People often think the best way to support a child with a stammer is to help them finish the words they are struggling to say themselves. Yet, it’s the worst thing anyone can do. The key is to give children the space and confidence to speak in their own way, and talk about what works for them.

For some time, we’ve had the brilliant Michael Palin Centre for stammering children in North London.  But if you have a stammer in the north of England or if you needed help for a child who stammers, it was a 300 mile round trip which made accessing help and support prohibitive to many families. No more. The Leeds Stammering Support Centre is a friendly place in the bright and airy Reginald Building in the heart of Chapeltown. The staff, led by consultant Dr Trudy Stewart, are a fantastic team, dedicated to providing support to those who stammer.

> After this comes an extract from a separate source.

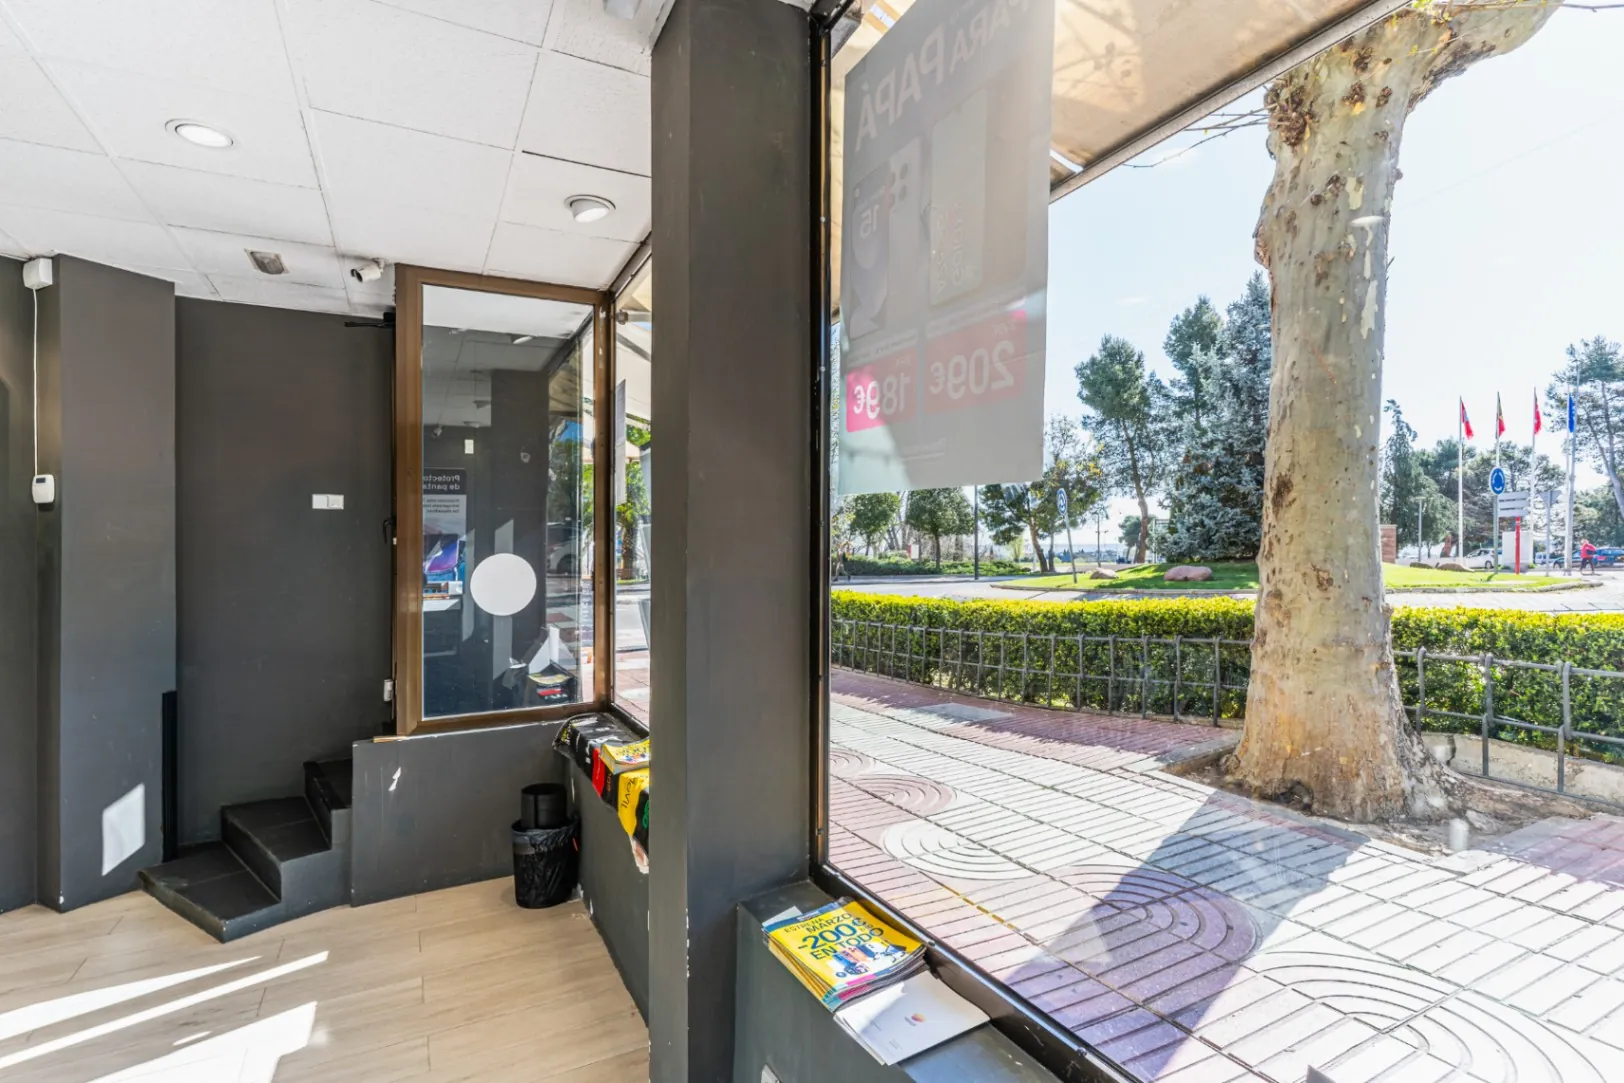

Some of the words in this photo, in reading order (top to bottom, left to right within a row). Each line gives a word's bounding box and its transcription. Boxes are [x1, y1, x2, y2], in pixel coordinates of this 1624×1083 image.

[807, 913, 853, 933] MARZO
[810, 945, 838, 960] EN
[836, 927, 884, 948] TODO

It was a real honour to attend the official opening with Mr Speaker himself conducting the ceremony. We heard from Michael, a 29 year old who overcome his fears to address the great and the good at the ceremony. Seven and a half year old Thomas Gratoni-May and his Dad, Gerald. Thomas stepped up too. Thomas told us how his teachers used to tell him to hurry up and finished his sentences for him but now, thanks to the Centre, he’s getting the help and support he needs. All three did really brilliant speeches, showing the impact of expert help and support.

No one should be held back because of their speech, disability or special need. Back in February I hoped The King’s Speech would inspire children and adults who stammer to get the help they deserve. Now that help and support is there right here in Leeds. I’m really proud to have played a part in making it happen.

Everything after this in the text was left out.